It's the way it wraps itself around your life.
On Saturdays I drive children to classes. On the way there I'll dip into Danny Baker's stream of consciousness on Five Live. On the way back it's From Your Own Correspondent on Radio 4. Hours later, making dinner, Final Score lets me know that my team has lost. Again. On Sundays I'll listen to football commentaries. If I'm off on a Friday I'll do the dusting while listening to Mark Kermode's film reviews. Any other day it will be Radcliffe and Maconie on Radio 6. Unless Thinking Allowed is on.
TV is greedy. It demands your whole attention. Radio, 90 years young this week, has better manners but it hugs you closer.
There are things I hate about it of course. Phone-in programmes. Jo Whiley. Pretty much everything on Radio Scotland. Radio 2's obsession with TV celebrities. Phone-in programmes (I can't make that point strongly enough). Pretty much everything on Radio 1 (though that's my fault; I've grown too old). But it's only because I care that I'm moved to hate at all. And there's more to love. Start the Week, the weirdness of Late Junction on Radio 3. Desert Island Discs.
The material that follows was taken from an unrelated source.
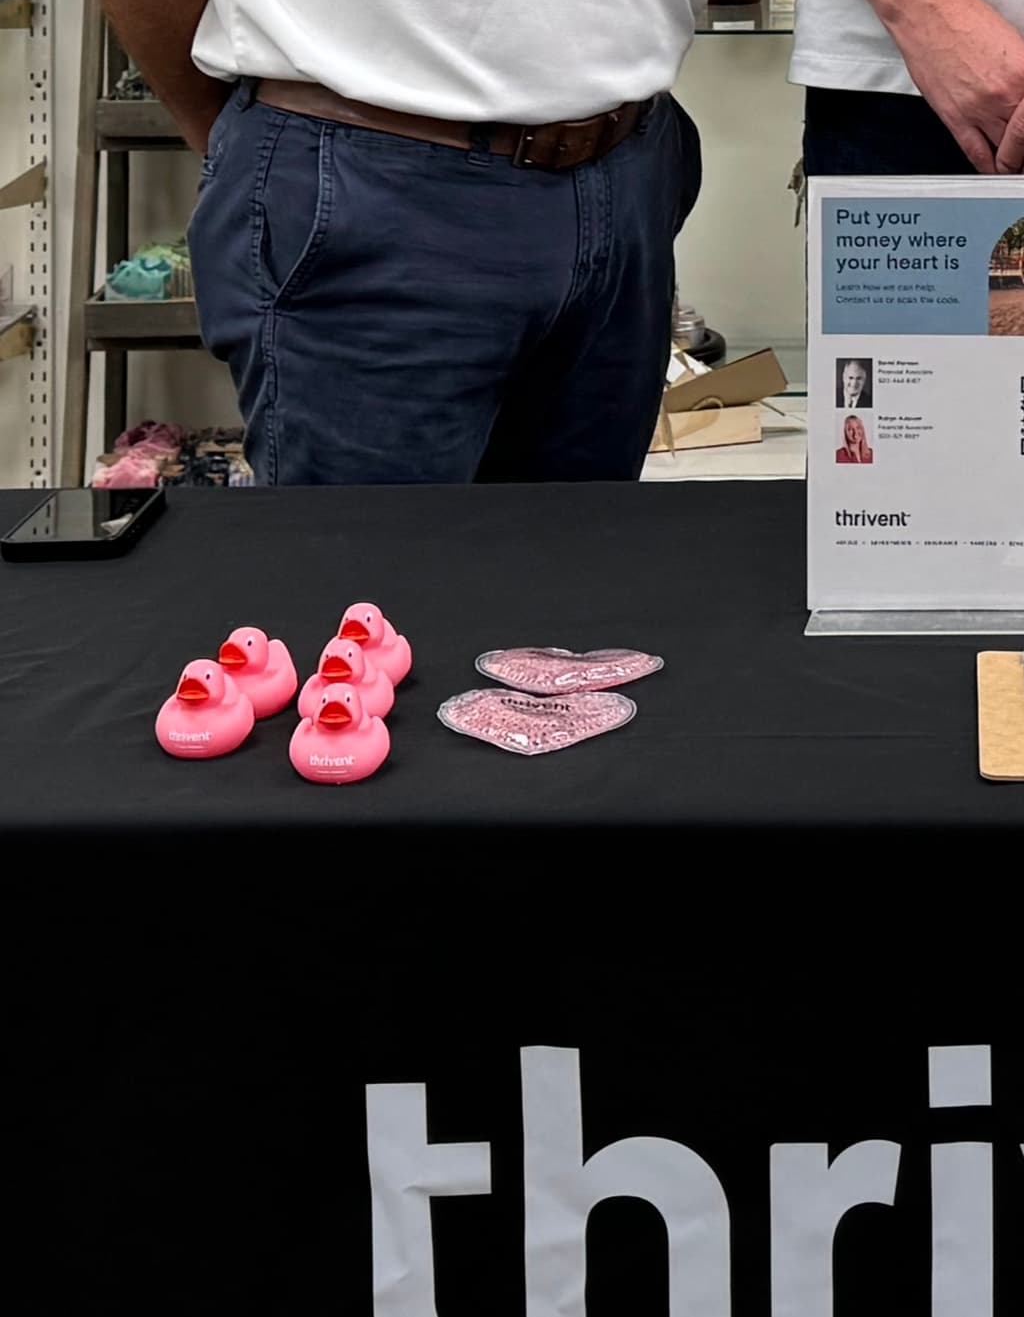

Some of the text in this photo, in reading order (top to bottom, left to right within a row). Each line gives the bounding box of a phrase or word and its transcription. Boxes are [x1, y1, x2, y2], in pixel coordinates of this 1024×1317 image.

Count Arthur Strong.
But best is listening at night. It always was. Billy Sloan on Radio Clyde, David Kid Jensen and John Peel on Radio 1; the idea that you were hearing something before anyone else, that you had the secret key to the future. These days I can't even find the keyhole but it doesn't matter. I'm fine with Janice Long after midnight.
I guess kids grow up wanting to be TV presenters these days. I'm not sure why. For all the money, can you trust anyone whose goal in life is to present the lottery programme? But there are days I still dream about having my own radio show.